Spencer also misconstrues the Juror’s views on apportionment of fault. When asked if she believed only one person could be at fault for an accident, the Juror raised her hand and stated, “I believe that one can be at fault.” Counsel then asked, “If the evidence supports it, can … if there’s two cars involved in the crash, can both [drivers] be at fault?” The Juror answered affirmatively, stating, “If the evidence supports it.” (V.R. 2/18/19 12:02:31-12:02:44). When Counsel asked if anyone had a further problem with the concept, she did not raise her hand. We consider this merely evidence that Juror 1967798 did not understand the concept of shared fault, but when explained to her, she agreed she would rely on the evidence to make her decision.

Spencer’s third concern relates to Juror 1967798’s comments regarding pain and suffering.
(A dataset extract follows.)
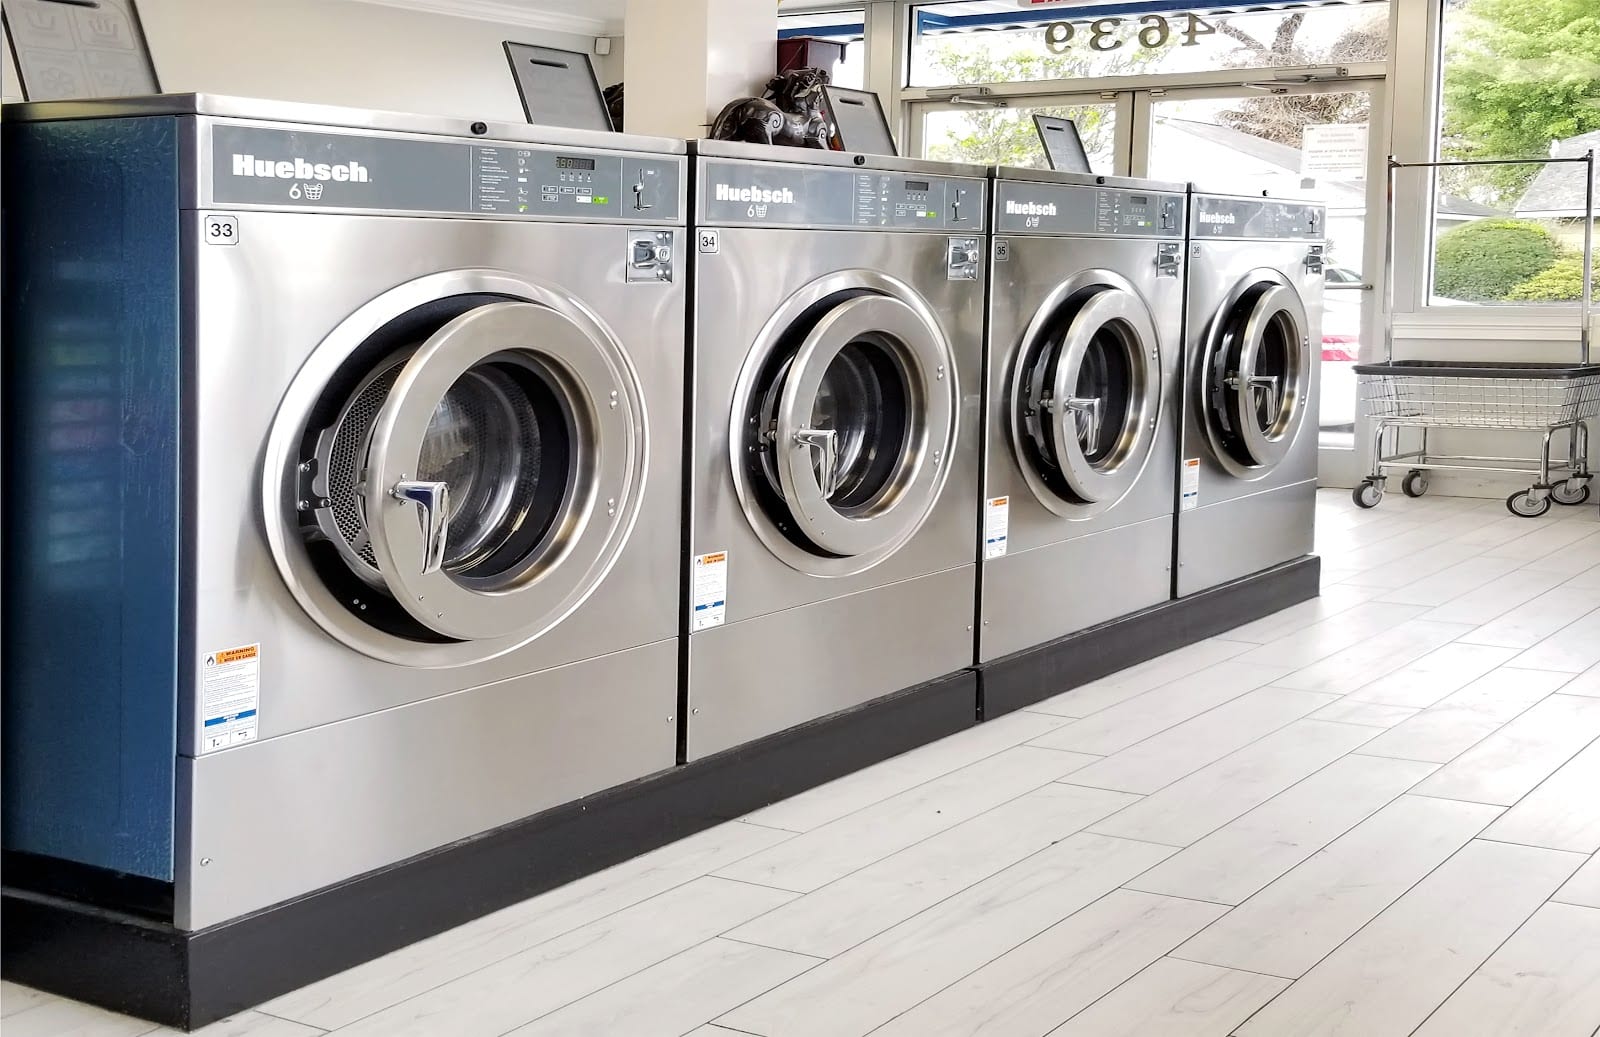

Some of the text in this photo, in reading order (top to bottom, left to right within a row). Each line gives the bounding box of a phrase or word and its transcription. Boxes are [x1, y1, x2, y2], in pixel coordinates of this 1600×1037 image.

Her initial comment was that “pain and suffering is something you can never put a price tag on.” (V.R. 2/18/19 12:23:56-12:24:05). Later, she declared, “I can be fair and impartial on pain and suffering.” (V.R. 2/18/19 12:24:50 – 12:24:55). The circuit court clarified her position further by asking about “pain and suffering” and her “reaction to that”; then, the court asked, “[D]oes that mean that, once you hear the proof, the number is in flex, right?” She responded, “Yeah, it’s still in the back of my mind but I can put all that aside to make a fair decision is what I’m trying to say.” (V.R. 2/18/19 12:25:20-12:25:41). She was asked moments later if her feelings on pain and suffering would keep her from viewing the parties as being on a level playing field. She unequivocally stated, “No.” As voir dire continued, Juror 1967798 did state the time lapse would affect her ability to award a million dollars for pain and suffering. (V.R. 2/18/19 12:36:56-12:37:10). However, because Spencer capped his pain and suffering claim at $250,000, the comment was irrelevant and harmless. (R. at 208). Nevertheless, the circuit court stepped in and asked the Juror, hypothetically, if she could award a million dollars, if that was what the case was worth. Juror 1967798 retracted her statement and said if she believed the case was worth a million dollars, she could award that amount. (V.R. 2/18/19 12:45:35-12:46:02).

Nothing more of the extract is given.